Entamoeba Histolytica



Entamoeba Histolytica


Bradley Howard Kessler



Amebiasis is defined as infection with Entamoeba histolytica, with or without overt clinical symptoms. Distribution of the disease is worldwide, affecting as much as 10% of the population. The highest prevalence is seen in developing areas and tropical regions. It has been estimated that approximately 1% to 5% of U.S. residents who have never traveled outside the United States have amebiasis; most of these are asymptomatic carriers. Severe disease, such as ulcerative amebic colitis or liver abscess, is relatively rare.


ETIOLOGY

Two forms of the protozoan parasite E. histolytica, cysts and trophozoites, are found in stool specimens. Trophozoites are motile, variably shaped organisms that are 7 to 30 μm in diameter and have a single nucleus and a granular, vacuolated cytoplasm. Trophozoites characteristically produce pseudopodia, which are finger-like projections from the main body that
participate in both motility and phagocytosis. This form of the parasite may be found in patients with symptomatic or asymptomatic amebiasis. In individuals with symptomatic amebiasis, the pathogenic trophozoites may contain ingested red blood cells in endoplasmic vacuoles and can be as large as 60 μm in diameter (Fig. 216.1). Phagocytosis may be an important virulence factor. Specific isoenzyme migration patterns or zymodemes obtained from starch gel electrophoresis are indirect markers of virulence. Certain strains of nonpathogenic E. histolytica, now classified as E. dispar, are associated only with asymptomatic carriage.






FIGURE 216.1. Trophozoite with hemophagocytosis. (Courtesy of Pathology Department of Good Samaritan Hospital Medical Center.)

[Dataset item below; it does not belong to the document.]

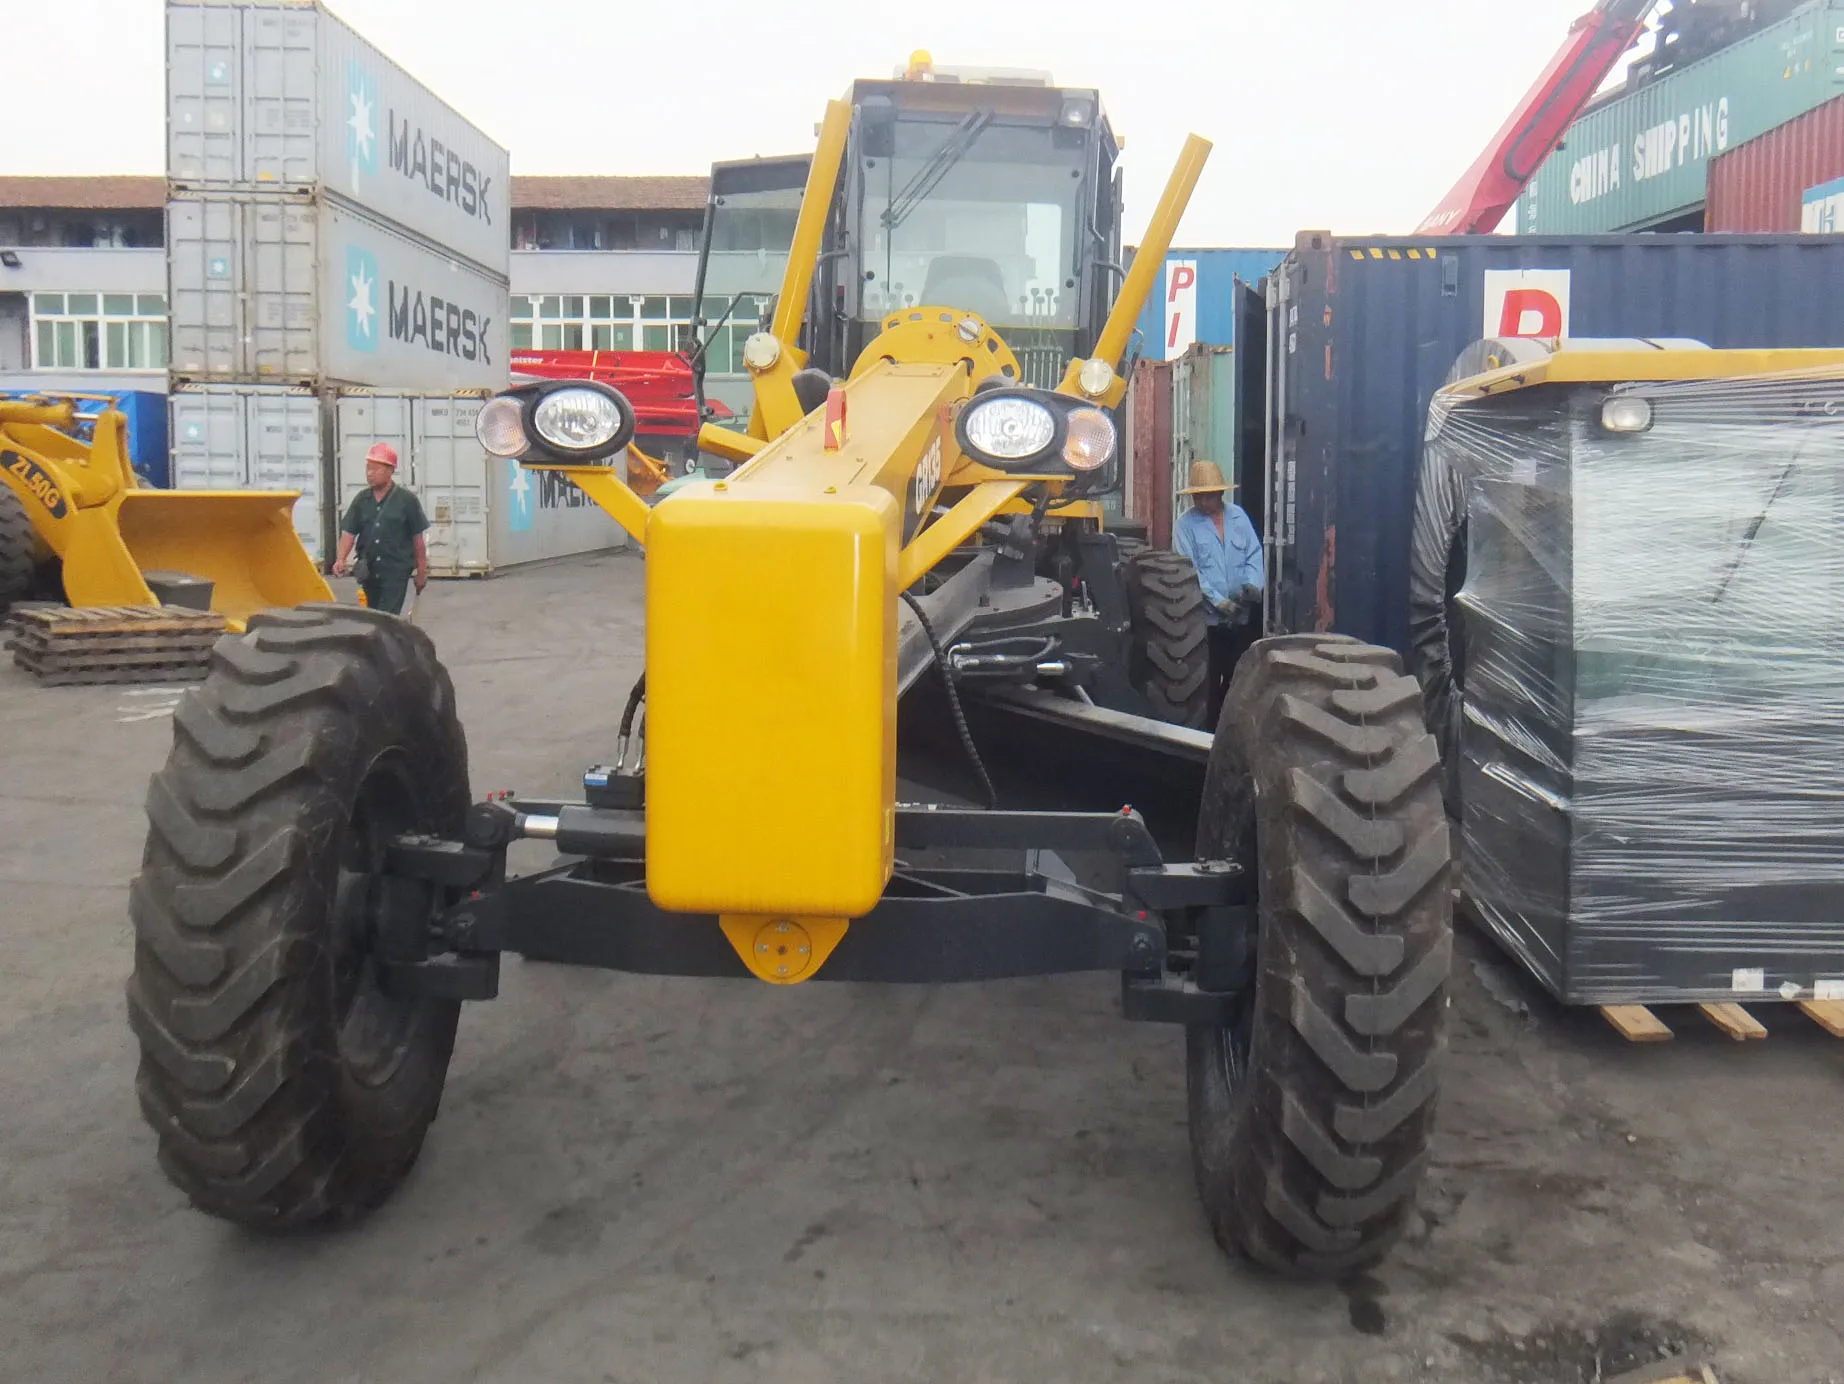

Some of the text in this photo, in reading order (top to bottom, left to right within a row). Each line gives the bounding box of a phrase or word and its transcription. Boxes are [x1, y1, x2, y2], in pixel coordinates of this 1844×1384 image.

The nonmotile cyst form is similar in size to the trophozoite but may contain as many as four nuclei. Infection occurs only with ingestion of cysts. On ingestion, after excystation in the small bowel, each single cyst results in eight trophozoites. Encystation of the trophozoite completes the life cycle. Unlike the trophozoite, which is destroyed rapidly by external environmental conditions and gastric acid, the cysts are resistant to gastric acid and to the chlorine concentrations commonly used in domestic water purification, as well as to extreme temperature and drying. Cysts may survive outside the host for several weeks in a moist environment. Cysts excreted in the stool of infected individuals perpetuate the life cycle through fecal-oral spread.


EPIDEMIOLOGY

Fifty million cases of amebiasis are recorded annually. E. histolytica is the third leading parasitic cause of death in the world. Prevalence is highest in areas with poor sanitation and inadequate water treatment. Effective forms of water treatment include boiling and filtration. Infection with pathogenic tropho-zoites is not a major clinical problem in the United States, despite prevalence rates ranging from 0.1% to 50.0% in regional and institutional surveys. Overall, in the United States prevalence rates approach 2% to 4%. Amebic infection generally is confined to certain high-risk groups, including recent long-term travelers, immigrants, and immunocompromised hosts. The invasive trophozoites cause diarrhea and dysentery in 2% to 8% of infected patients. Trophozoites that enter the bloodstream may pass to the liver or other organs and cause
abscesses. Such abscesses are found as a complication of intestinal disease in all endemic areas. Reports from endemic areas worldwide also indicate that of those children who develop amebic liver abscess, most are younger than 3 years, although amebic hepatic abscess is believed to be less common in children than in adults. Amebic abscess of the liver has been reported in 1% to 9% of patients with invasive amebiasis. Abscesses are seen more frequently in men, with the highest incidence in individuals 20 to 50 years of age.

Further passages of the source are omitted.